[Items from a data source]
────

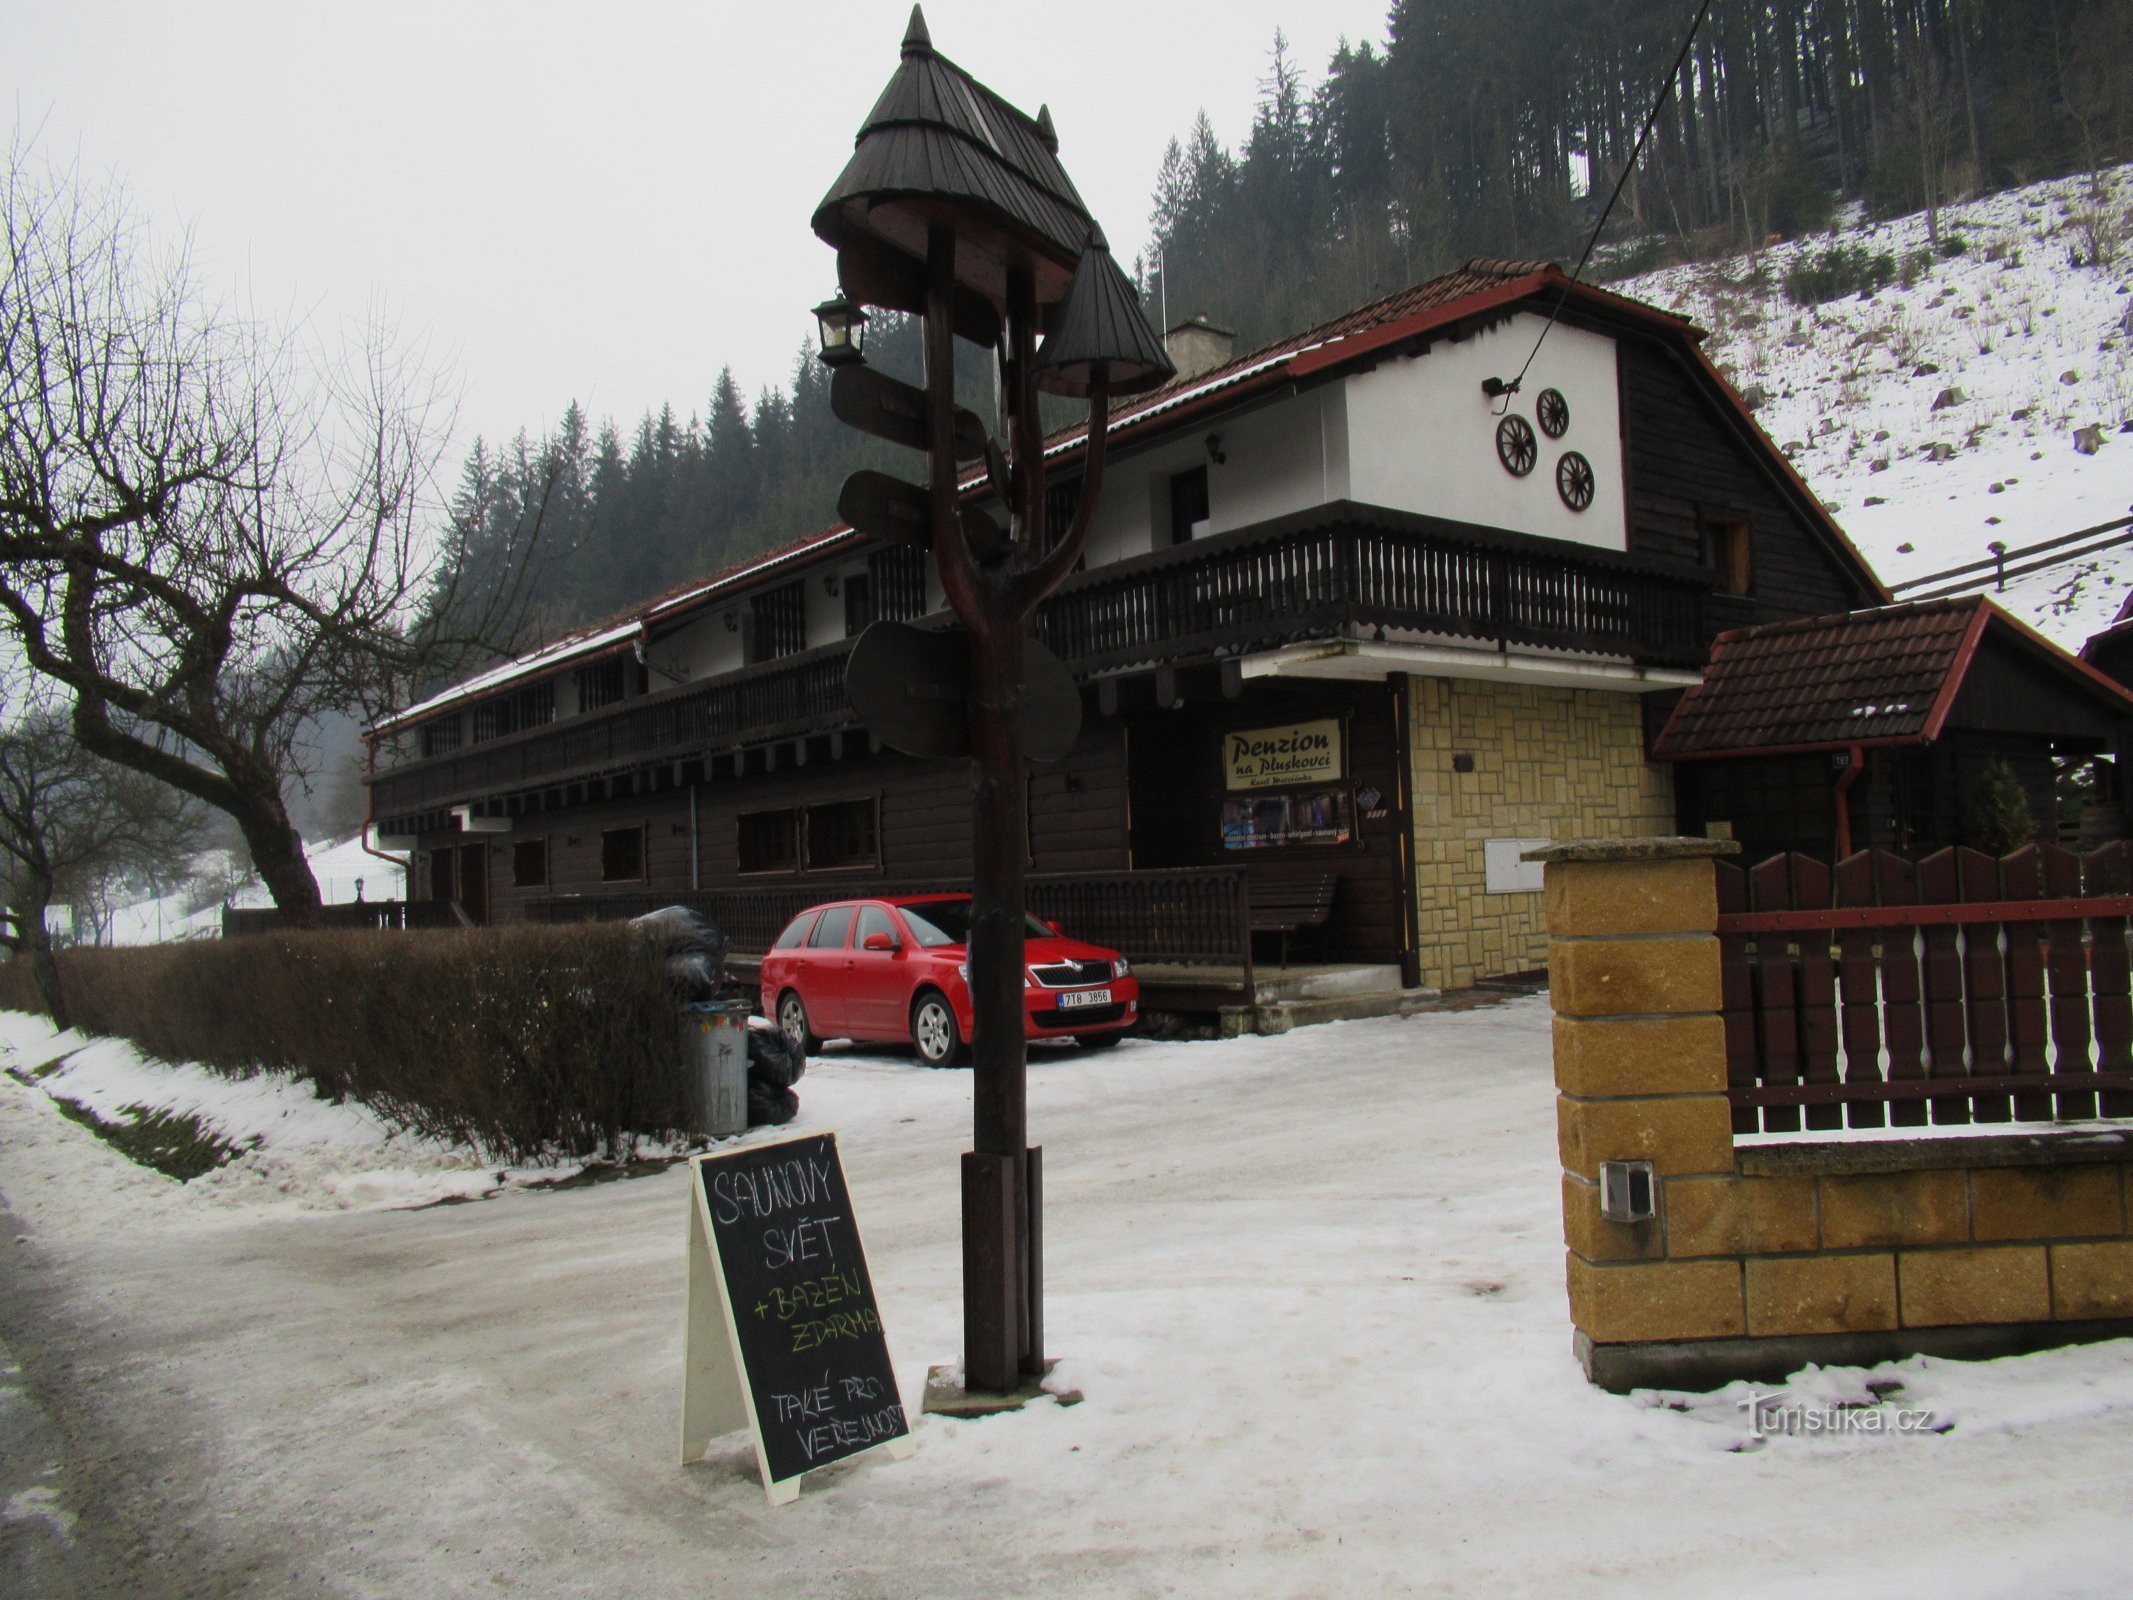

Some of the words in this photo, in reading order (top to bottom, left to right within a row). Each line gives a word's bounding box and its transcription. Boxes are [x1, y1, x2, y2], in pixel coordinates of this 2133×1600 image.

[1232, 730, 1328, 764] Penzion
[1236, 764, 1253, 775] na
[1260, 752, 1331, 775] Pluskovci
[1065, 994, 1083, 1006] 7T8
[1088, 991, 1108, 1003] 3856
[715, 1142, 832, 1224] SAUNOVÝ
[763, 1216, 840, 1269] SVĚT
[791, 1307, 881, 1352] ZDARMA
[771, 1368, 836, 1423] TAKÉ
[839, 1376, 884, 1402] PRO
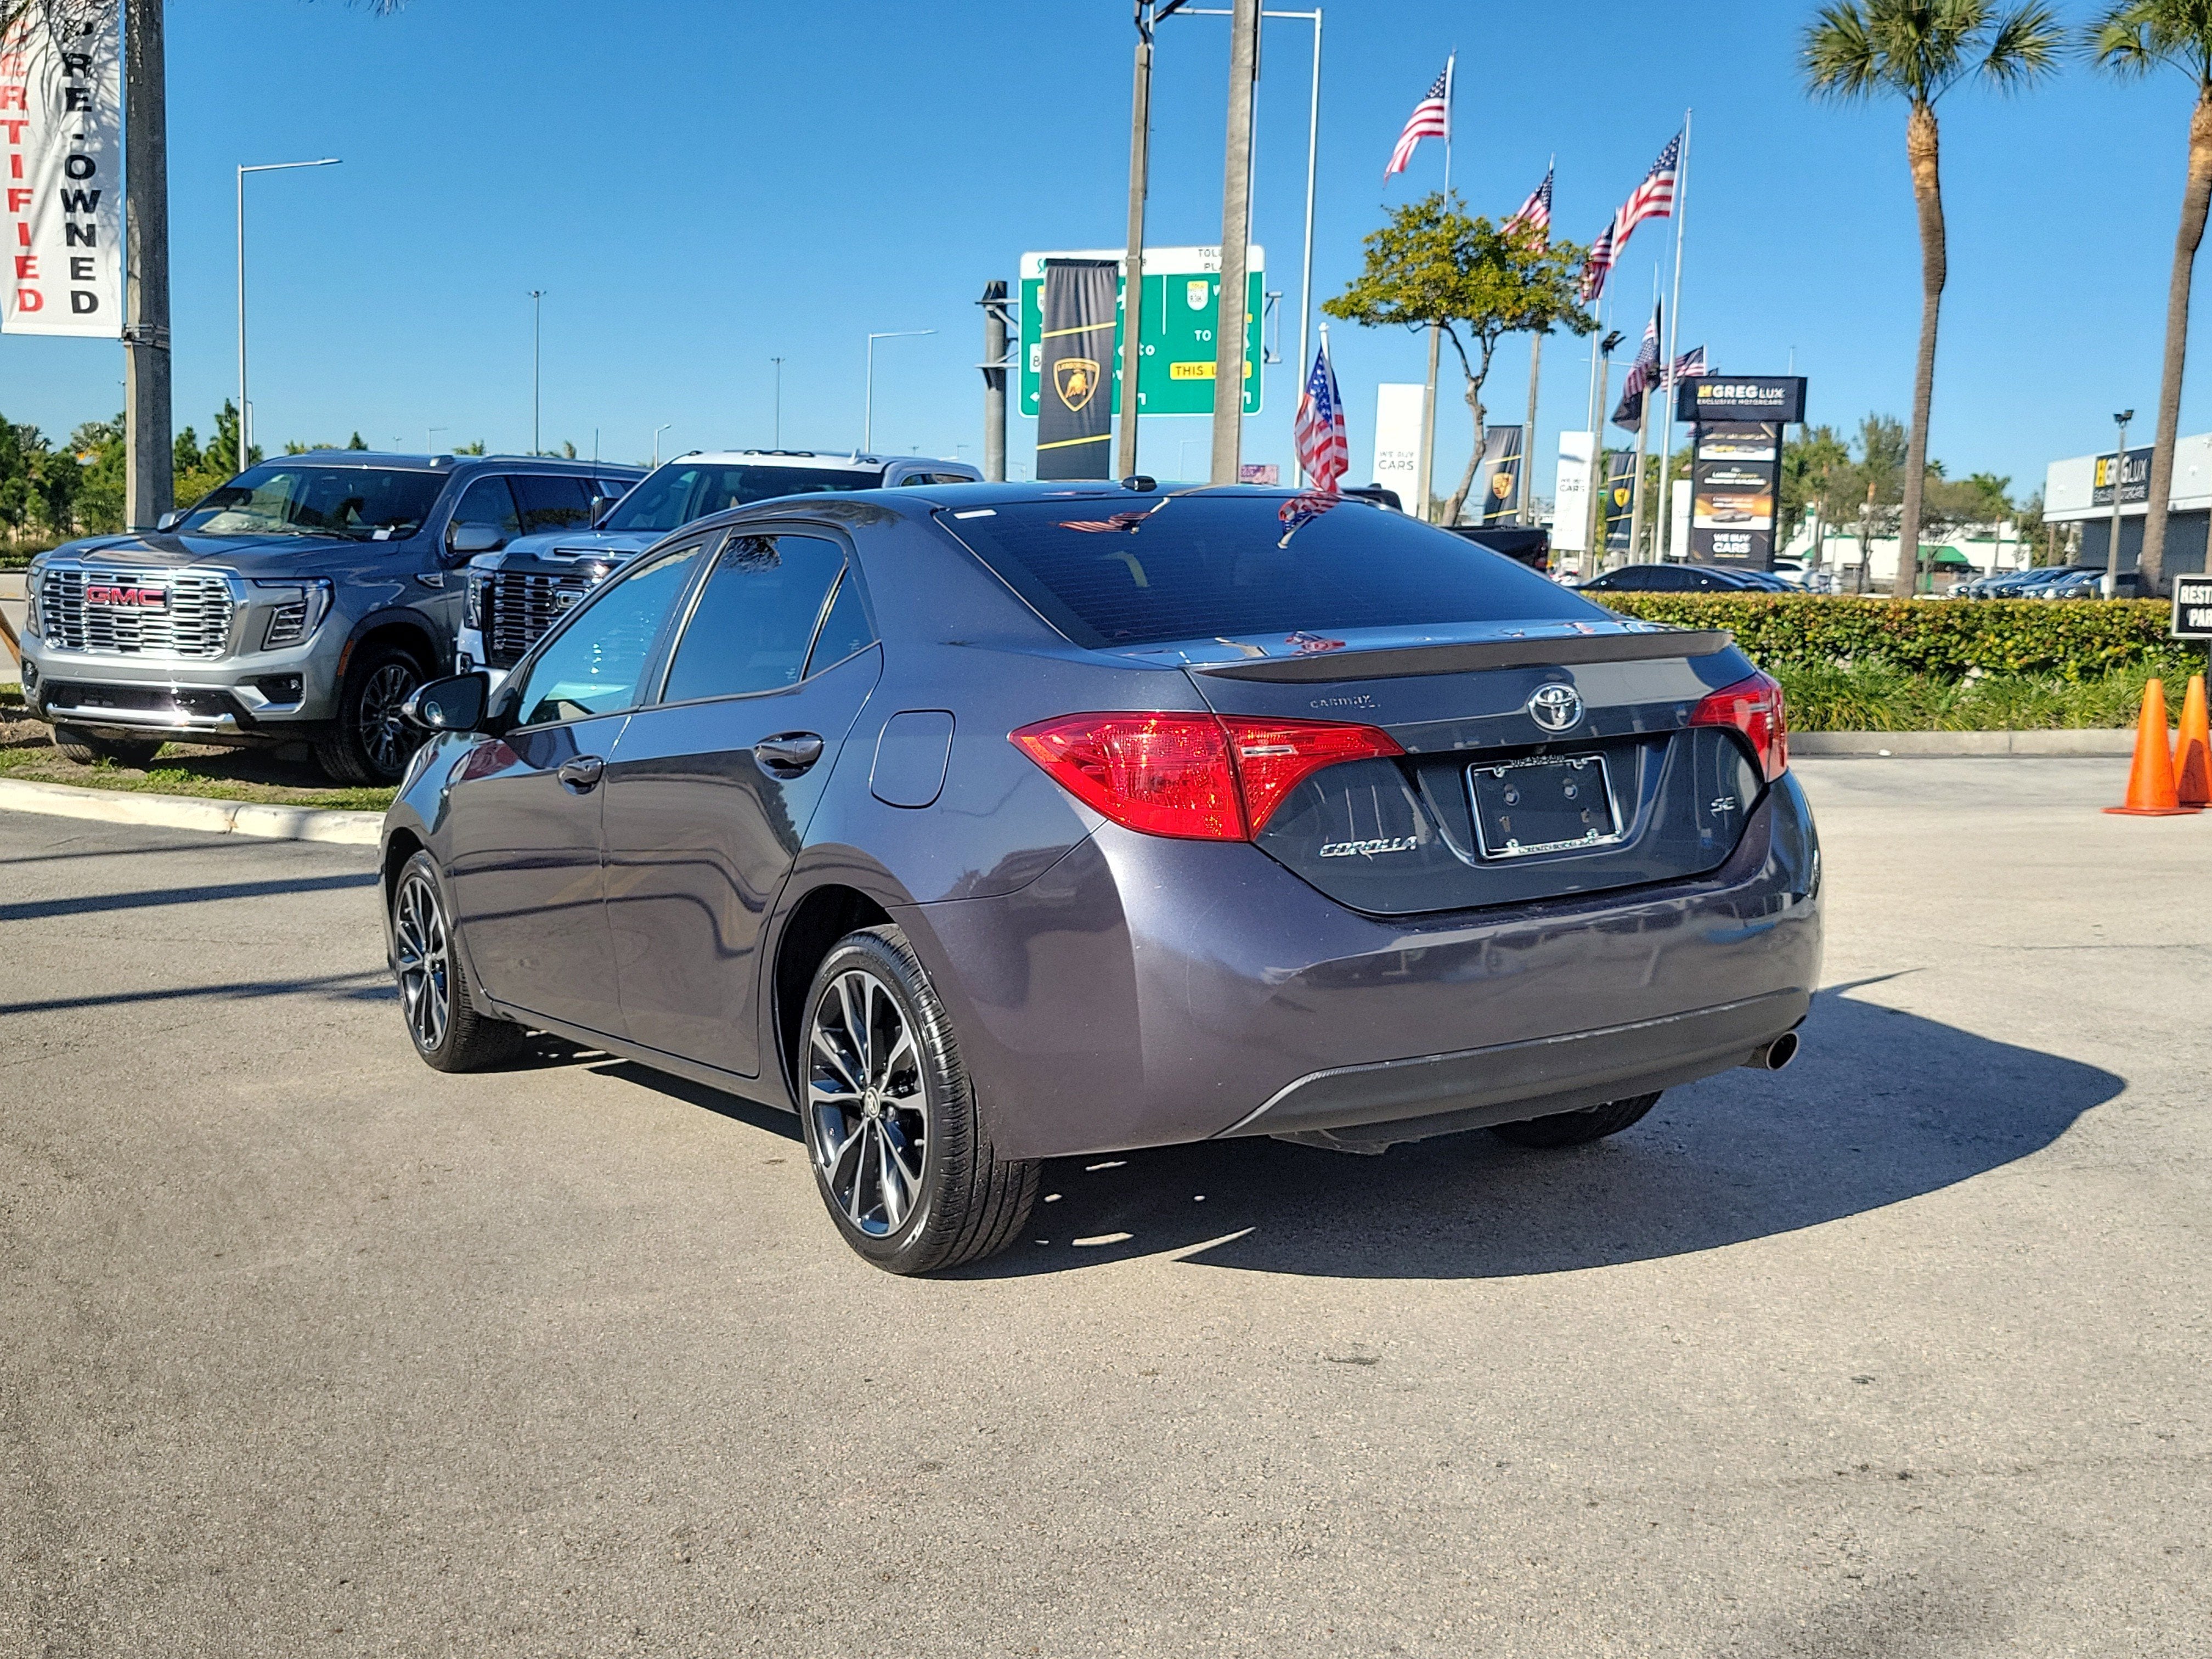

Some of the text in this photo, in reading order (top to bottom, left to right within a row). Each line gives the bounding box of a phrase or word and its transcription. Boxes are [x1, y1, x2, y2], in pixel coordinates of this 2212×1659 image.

────

[Assignment] For the records above, output each one exactly and skip any image.

[Your response]
Some of the words in this photo, in reading order (top to bottom, left to right within a row). Each line gives a word's bounding box and its transcription. Boxes are [x1, y1, x2, y2], in pixel coordinates of this 2133×1600 image.

[1232, 730, 1328, 764] Penzion
[1236, 764, 1253, 775] na
[1260, 752, 1331, 775] Pluskovci
[1065, 994, 1083, 1006] 7T8
[1088, 991, 1108, 1003] 3856
[715, 1142, 832, 1224] SAUNOVÝ
[763, 1216, 840, 1269] SVĚT
[791, 1307, 881, 1352] ZDARMA
[771, 1368, 836, 1423] TAKÉ
[839, 1376, 884, 1402] PRO

Some of the text in this photo, in reading order (top to bottom, left to right within a row). Each line gives the bounding box of a phrase or word and its transcription. Boxes are [x1, y1, x2, y2], in pixel coordinates of this 2212×1659 image.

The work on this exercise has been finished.